Dataset entries
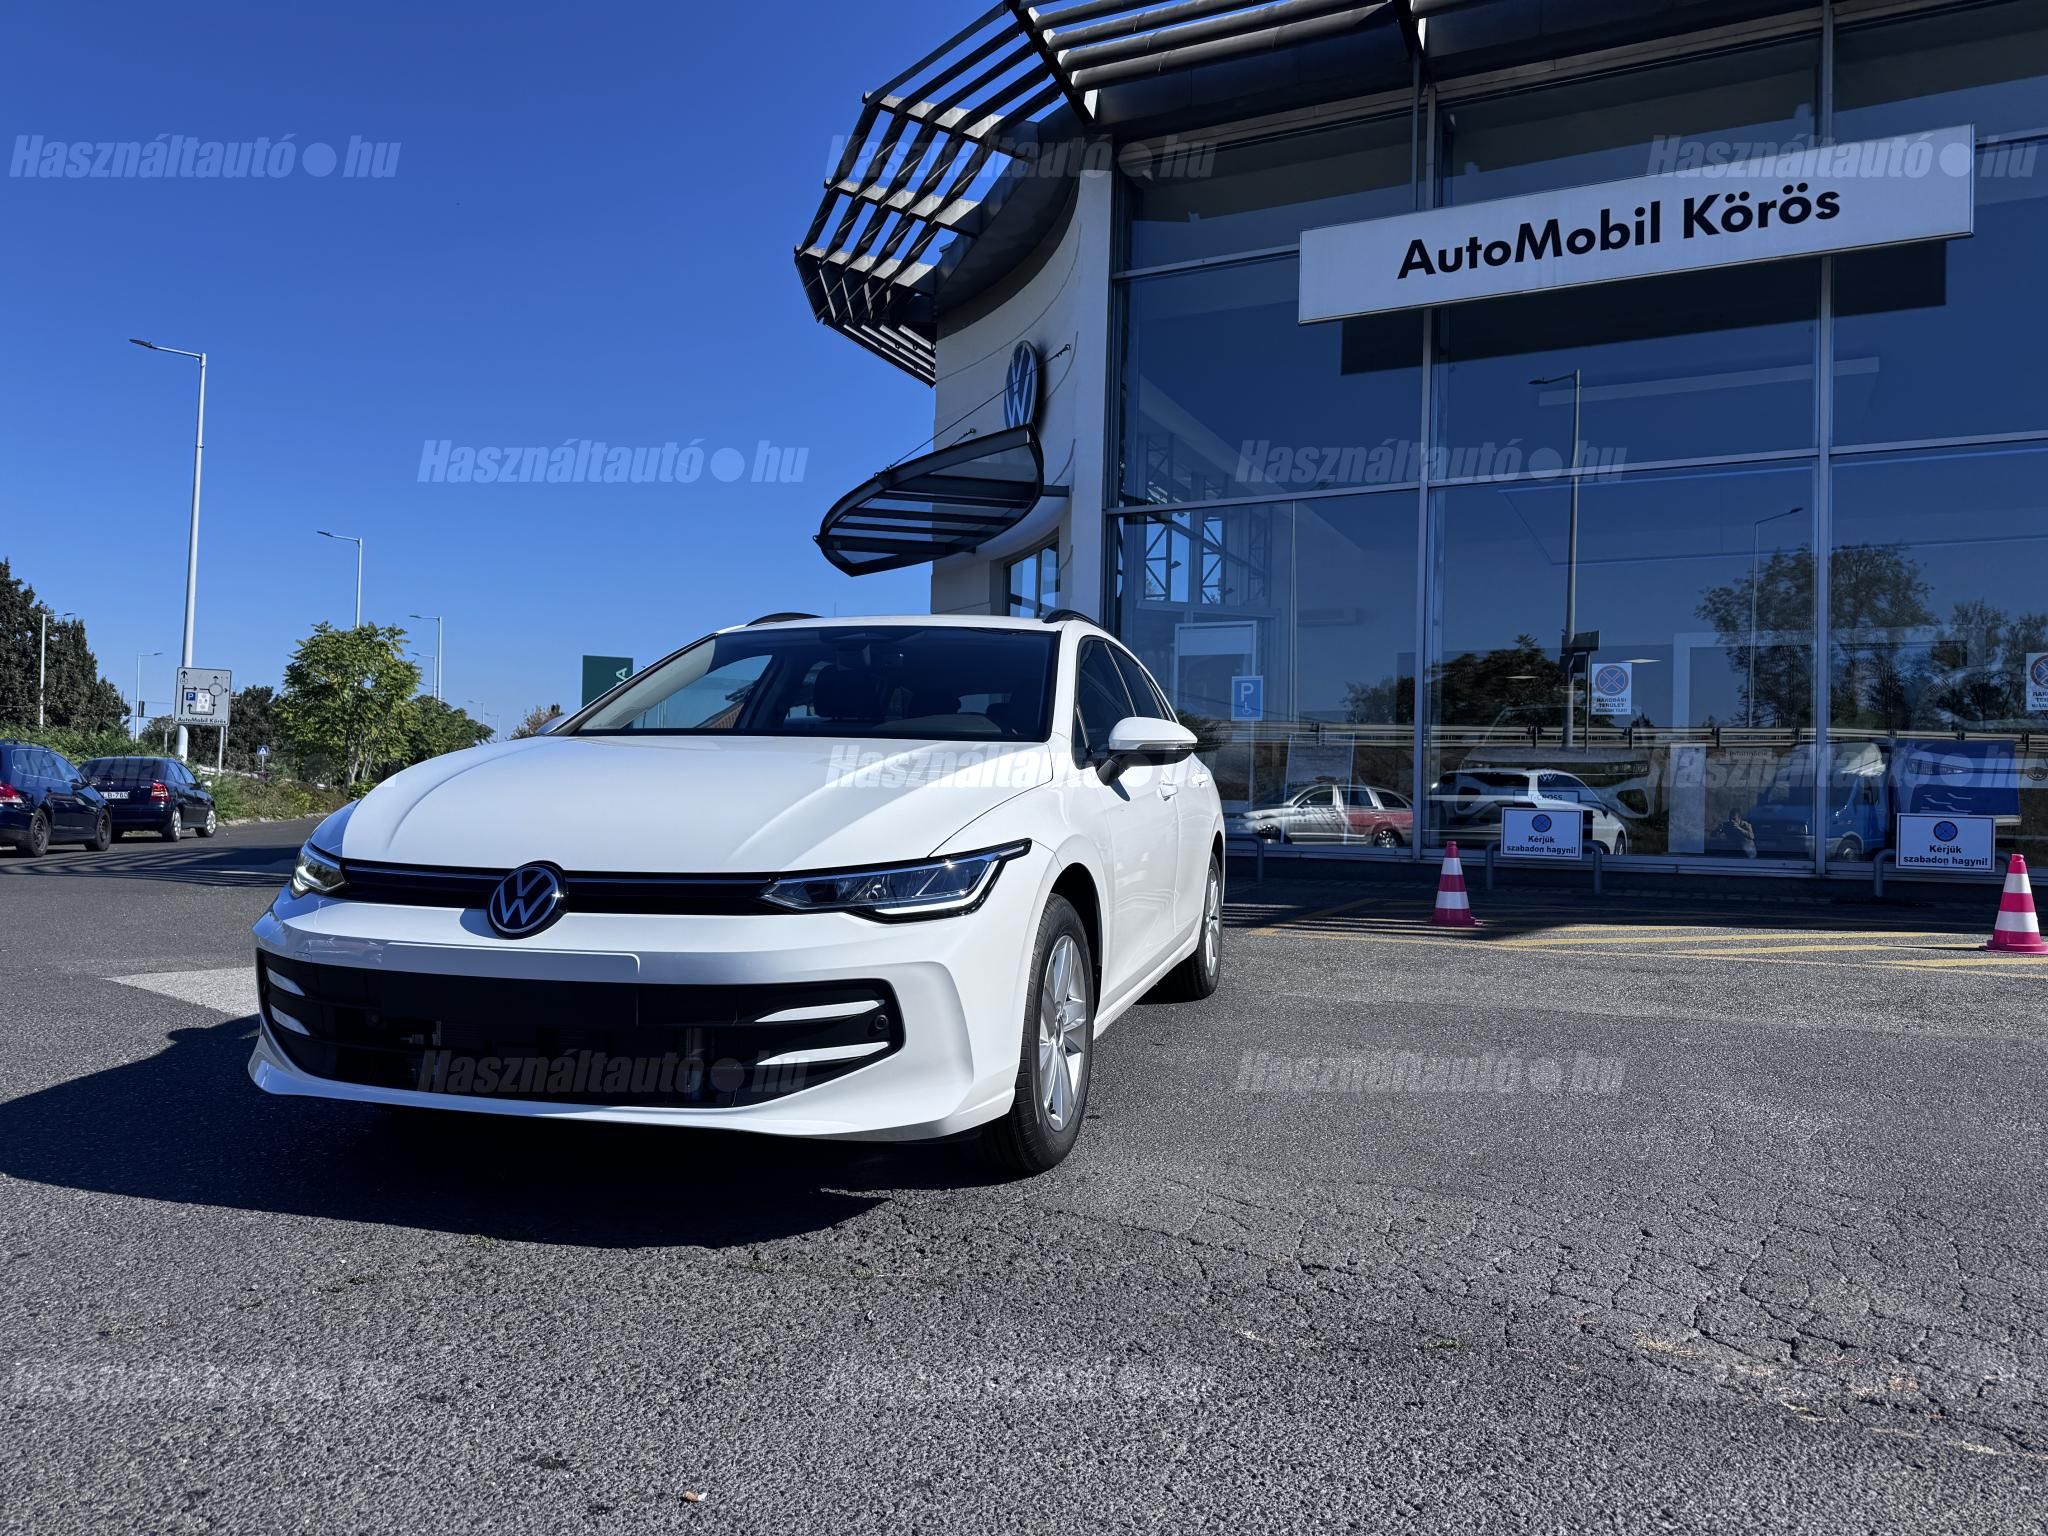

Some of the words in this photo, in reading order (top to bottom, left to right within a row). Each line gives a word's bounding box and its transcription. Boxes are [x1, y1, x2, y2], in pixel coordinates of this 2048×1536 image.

[1397, 201, 1661, 280] AutoMobil
[1682, 182, 1840, 239] Körös
[1241, 682, 1254, 702] P
[1528, 835, 1555, 845] Kérjük
[1506, 844, 1544, 853] szabadon
[1546, 845, 1577, 855] hagyni!
[1929, 844, 1962, 855] Kérjük
[1903, 855, 1949, 864] szabadon
[1951, 856, 1988, 867] hagyni!

WHAT IS NEEDED:
Every last line above must be reproduced as written, and no pictures belong in the copy.

YOUR SOLUTION:
Some of the words in this photo, in reading order (top to bottom, left to right within a row). Each line gives a word's bounding box and its transcription. Boxes are [x1, y1, x2, y2], in pixel coordinates of this 2048×1536 image.

[1397, 201, 1661, 280] AutoMobil
[1682, 182, 1840, 239] Körös
[1241, 682, 1254, 702] P
[1528, 835, 1555, 845] Kérjük
[1506, 844, 1544, 853] szabadon
[1546, 845, 1577, 855] hagyni!
[1929, 844, 1962, 855] Kérjük
[1903, 855, 1949, 864] szabadon
[1951, 856, 1988, 867] hagyni!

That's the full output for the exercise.